Patrice Neuenschwander / Ville de Neuchâtel

«Ah, je ris de me voir si belle en ce miroir!» La Castafiore exaspérait le capitaine Haddock en attaquant l’air des bijoux du Faust de Gounod dans un célèbre album de Tintin. En entendant Noémie Nadelmann chanter cet air au Passage, on comprend tout l’inculture de ce brave Karpock…

Cet opéra dans lequel Faust vend son âme au diable pour retrouver la jeunesse et Marguerite sacrifie sa vertu pour des colifichets a enchanté le public ce week-end et cela tient pour beaucoup à la qualité des solistes. Ruben Amoretti, vêtu de cuir et maquillé à la Stanley Kubrick dans Orange mécanique, est tout simplement parfait dans son rôle diabolique. Le miracle dans tout cela, c’est que l’on arrive (sans l’aide du démon) à monter de telles choses à Neuchâtel.

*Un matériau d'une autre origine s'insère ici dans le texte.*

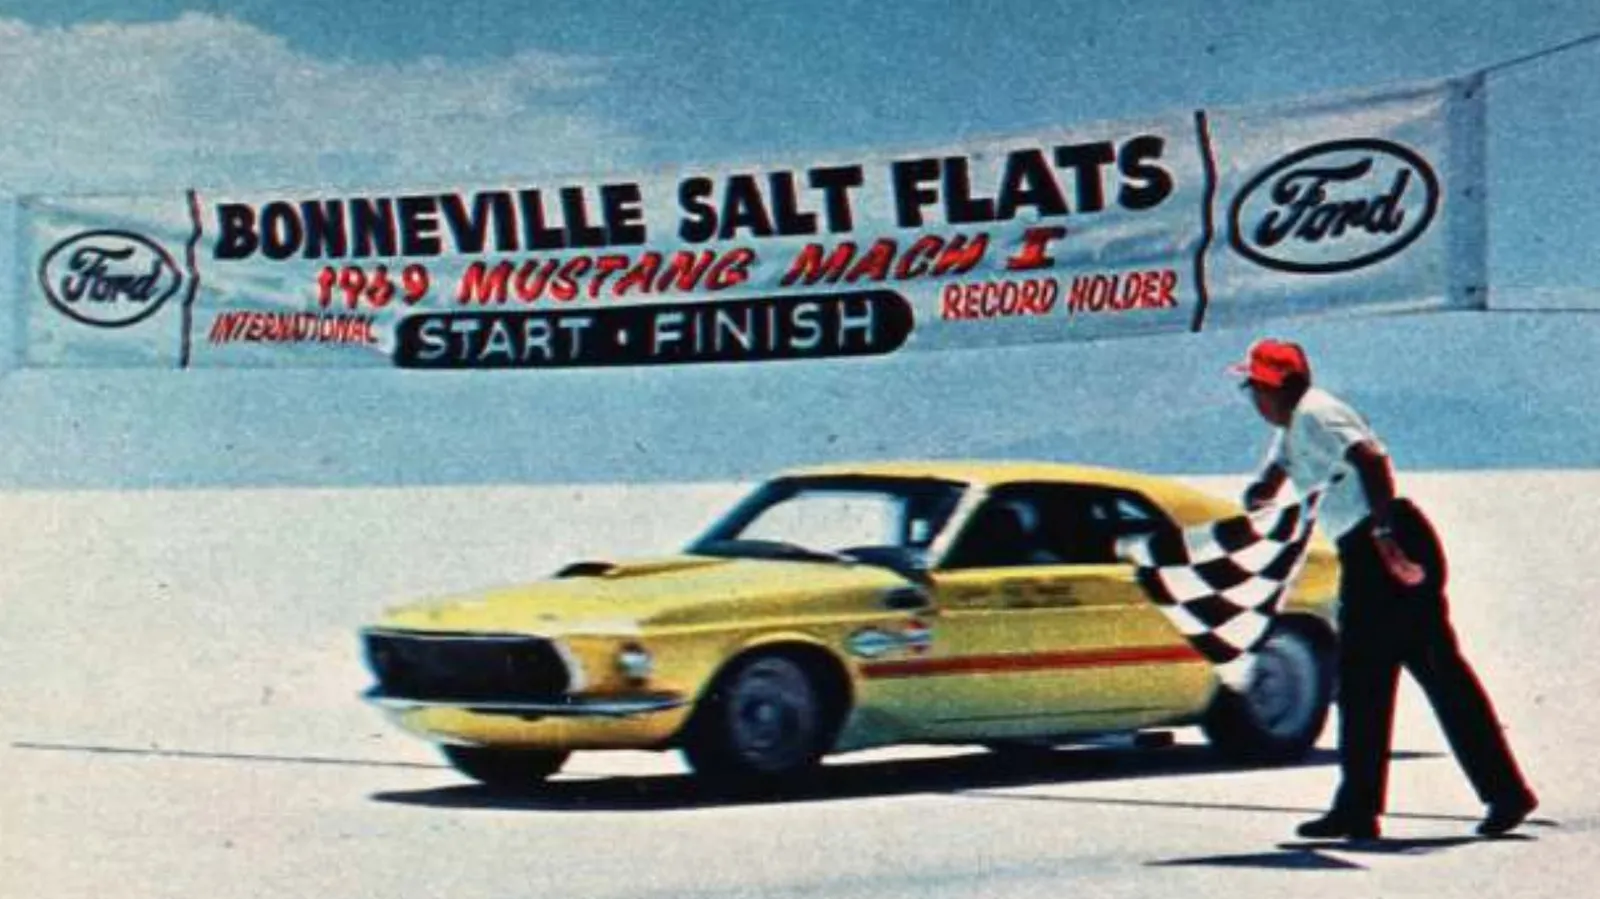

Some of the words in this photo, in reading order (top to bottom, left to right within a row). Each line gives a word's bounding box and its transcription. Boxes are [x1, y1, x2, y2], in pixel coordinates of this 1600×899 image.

[214, 183, 646, 259] BONNEVILLE
[678, 164, 864, 244] SALT
[892, 134, 1173, 228] FLATS
[1256, 158, 1410, 247] Ford
[60, 246, 162, 303] Ford
[317, 263, 430, 308] 1969
[459, 247, 757, 305] MUSTANG
[781, 231, 990, 288] MACH
[941, 276, 1060, 321] RECORD
[1069, 269, 1180, 315] HOLDER
[209, 311, 379, 345] INTERNATIONAL
[416, 317, 592, 361] START
[652, 300, 874, 355] FINISH

Tout le mérite en revient au choeur Lyrica qui a utilement collaboré avec le Passage et l’Ensemble symphonique de Neuchâtel. Alors, Marguerite, un peu, beaucoup, passionnément, à la folie ou… pas du tout? Passionnément, ne serait-ce que pour le rire sardonique de Méphistophétès qui glace les sangs longtemps encore après l’extinction des lumières…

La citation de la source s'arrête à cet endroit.